Questa figura sta guadagnando sempre più importanza in Italia, sia nelle grandi aziende che nelle PMI e nelle startup, spinte dalla digital transformation e dalla necessità di aumentare la velocità di sviluppo dei prodotti. Il percorso ideale prevede una laurea in ingegneria gestionale, informatica o economia, seguita da master in project management o certificazioni agili riconosciute a livello internazionale.
L’Agile Project Manager rappresenta oggi uno dei ruoli più dinamici e richiesti, in grado di garantire un impatto concreto sull’efficienza, sulla soddisfazione del cliente e sulla competitività aziendale, soprattutto nei settori ad alta intensità tecnologica.
Cosa fa?
Attività e responsabilità principali: Agile project manager
Definisce obiettivi, roadmap e priorità insieme al team, utilizzando strumenti agili come backlog, user story e sprint planning. Assicura che il lavoro sia suddiviso in iterazioni brevi e facilmente monitorabili.
Coordina professionisti con competenze diverse, promuovendo la collaborazione e la comunicazione continua. Si assicura che ogni membro sia coinvolto e che gli impedimenti vengano rapidamente rimossi.
Supervisiona l’andamento degli sprint e dei task, utilizzando metriche agili come burn-down chart e velocity. Interviene tempestivamente in caso di deviazioni per garantire la consegna di valore costante.
Mantiene un dialogo costante con clienti, Product Owner e stakeholder aziendali, raccogliendo feedback e adattando il progetto alle nuove esigenze. Si occupa di comunicare progressi, rischi e risultati in modo trasparente.
Competenze e requisiti
Le skill richieste dal mercato del lavoro
Hard Skills
Soft Skills
Quanto guadagna e mercato del lavoro
Retribuzioni medie e trend occupazionali in Italia
In Italia, la retribuzione dell’Agile Project Manager varia sensibilmente in base al settore (IT, consulenza, banking, industria digitale), alla complessità dei progetti e all’area geografica, con valori più elevati nel Nord Italia e presso le società multinazionali.
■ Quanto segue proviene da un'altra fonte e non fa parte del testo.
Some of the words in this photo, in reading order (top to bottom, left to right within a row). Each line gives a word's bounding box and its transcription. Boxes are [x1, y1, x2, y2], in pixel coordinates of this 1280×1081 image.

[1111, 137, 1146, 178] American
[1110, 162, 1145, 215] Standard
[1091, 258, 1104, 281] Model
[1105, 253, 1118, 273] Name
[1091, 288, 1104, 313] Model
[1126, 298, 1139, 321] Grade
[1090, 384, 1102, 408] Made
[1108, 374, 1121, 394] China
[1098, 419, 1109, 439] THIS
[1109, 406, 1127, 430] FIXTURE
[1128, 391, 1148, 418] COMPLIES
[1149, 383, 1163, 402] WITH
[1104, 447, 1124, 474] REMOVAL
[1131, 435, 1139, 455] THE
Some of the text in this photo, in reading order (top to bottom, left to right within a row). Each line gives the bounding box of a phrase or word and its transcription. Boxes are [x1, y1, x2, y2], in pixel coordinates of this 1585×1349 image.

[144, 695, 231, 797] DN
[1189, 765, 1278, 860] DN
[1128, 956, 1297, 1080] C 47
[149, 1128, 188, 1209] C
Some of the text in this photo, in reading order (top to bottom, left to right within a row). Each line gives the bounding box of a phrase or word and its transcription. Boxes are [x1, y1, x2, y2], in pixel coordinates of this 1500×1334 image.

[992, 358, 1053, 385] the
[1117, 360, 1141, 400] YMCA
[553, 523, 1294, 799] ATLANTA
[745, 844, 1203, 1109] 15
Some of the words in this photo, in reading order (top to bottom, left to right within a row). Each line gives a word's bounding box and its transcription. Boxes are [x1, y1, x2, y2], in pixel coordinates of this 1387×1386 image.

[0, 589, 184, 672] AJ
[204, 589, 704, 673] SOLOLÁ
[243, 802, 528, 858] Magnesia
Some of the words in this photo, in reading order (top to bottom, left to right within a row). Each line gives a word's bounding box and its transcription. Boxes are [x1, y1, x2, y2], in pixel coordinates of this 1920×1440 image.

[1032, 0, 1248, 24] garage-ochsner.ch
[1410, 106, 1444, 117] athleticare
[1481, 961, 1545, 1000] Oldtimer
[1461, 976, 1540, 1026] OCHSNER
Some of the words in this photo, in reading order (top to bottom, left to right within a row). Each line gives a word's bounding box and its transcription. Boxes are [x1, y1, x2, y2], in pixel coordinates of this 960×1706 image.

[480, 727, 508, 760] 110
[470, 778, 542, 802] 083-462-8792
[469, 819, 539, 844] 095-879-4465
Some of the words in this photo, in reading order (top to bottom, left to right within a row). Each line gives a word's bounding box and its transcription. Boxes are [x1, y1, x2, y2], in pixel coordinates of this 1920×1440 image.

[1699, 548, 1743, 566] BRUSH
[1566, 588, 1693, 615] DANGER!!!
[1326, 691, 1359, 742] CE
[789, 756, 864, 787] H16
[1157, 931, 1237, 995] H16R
Le certificazioni internazionali (es. PMI-ACP, Scrum Master, SAFe) e l’esperienza nella gestione di team agili rappresentano elementi fortemente premianti nella determinazione della RAL.
Il ruolo di Agile Project Manager è in forte espansione in Italia: secondo l’Osservatorio del Politecnico di Milano, nel 2024 oltre il 60% delle aziende digitali ha adottato metodologie agili e la richiesta di project manager con competenze agili è cresciuta del 18% rispetto all’anno precedente. La digitalizzazione dei processi aziendali e la necessità di accelerare l’innovazione continuano a trainare la domanda di questi profili.